The Dignity of the Unknown
There is an arrogance in the modern belief that everything must be categorized and indexed. The "Unknown Soldier" wasn't a placeholder for a future tech solution; it was a profound acknowledgement of the collective sacrifice. By insisting on individual identification, we are stripping away the symbolic power of the communal tomb.
When we disinter these men, we break the "permanent" rest we promised them. For what? So a great-great-grandniece who never knew them can have a name on a headstone? Most families have already found their own version of closure. They have the stories, the faded photos, and the empty chairs at Thanksgiving that have been empty for three generations. Forcing a physical homecoming eighty years later is often more disruptive than it is healing.

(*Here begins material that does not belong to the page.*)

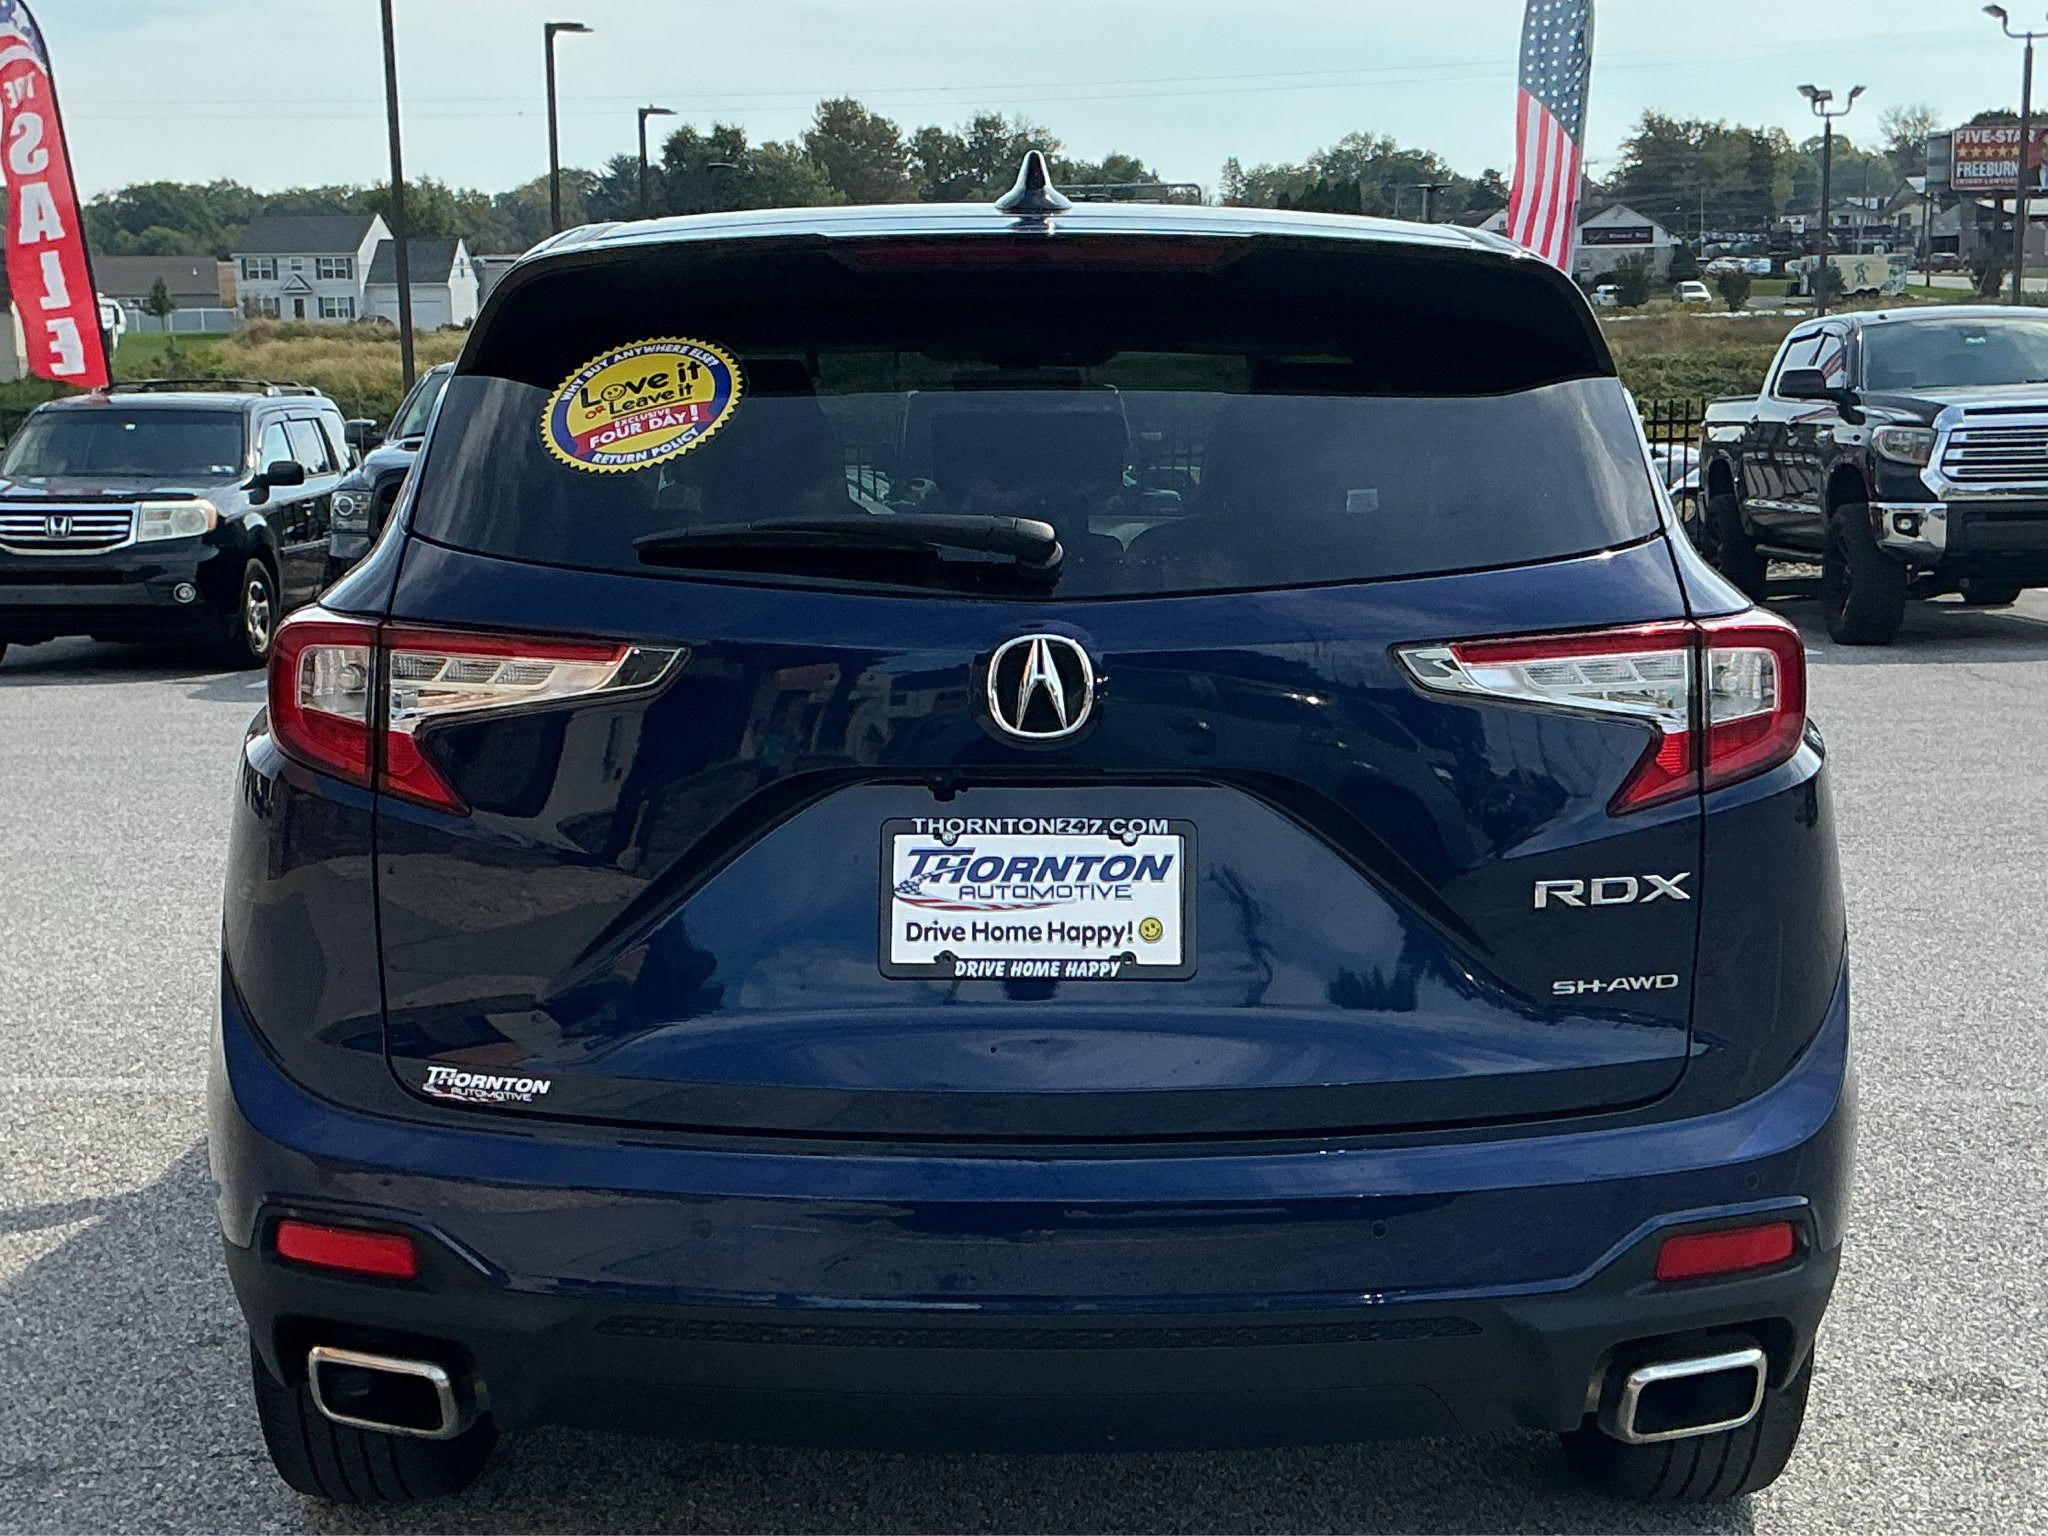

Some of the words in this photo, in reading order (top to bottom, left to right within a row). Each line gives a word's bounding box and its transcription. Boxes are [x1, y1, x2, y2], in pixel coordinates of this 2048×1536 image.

Technical Realities the Press Ignores
Standard forensic labs aren't equipped for this. This work requires specialized ancient DNA (aDNA) protocols—the kind used for Neanderthals or Bronze Age bog bodies. These labs are rare. The process involves:
- Destructive Testing: You have to grind the bone to powder. To identify the person, you must destroy part of what remains of them.
- The Bioinformatic Nightmare: Dealing with "low-copy number" DNA means the risk of contamination is through the roof. One stray skin cell from a lab tech in 1995 can lead to a false positive that ruins the entire sequence.
- Commingling Chaos: In many Pearl Harbor cases, individual "remains" are actually parts of multiple people. You don't just identify "the sailor." You have to identify "the left humerus" and "the right femur," which might belong to two different men.
If you think this leads to a clean, easy funeral, you haven't seen the paperwork.
The Policy of False Hope
Government agencies like the Defense POW/MIA Accounting Agency (DPAA) are under immense political pressure to "bring them home." This pressure leads to the "disinterment first, ask questions later" approach. They dig, they test, and when the DNA is too degraded to provide a match, those remains sit in a cardboard box in a climate-controlled lab for years.
They were more at peace in the ground.
We need to stop pretending that every technological leap mandates a retroactive search. The "People Also Ask" sections on search engines are full of queries like "How many Pearl Harbor victims are still missing?" or "Can DNA identify all WWII soldiers?" The honest answer is: No. And we shouldn't try. The goal of forensic science should be justice for the living, not a data-entry exercise for the dead.
Stop the disinterments. Let the Pacific keep its secrets. Use that money to fix the VA, clear the rape kit backlog, and support the families of soldiers who are actually missing today.
History is a tragedy, not a puzzle to be solved until the last piece fits.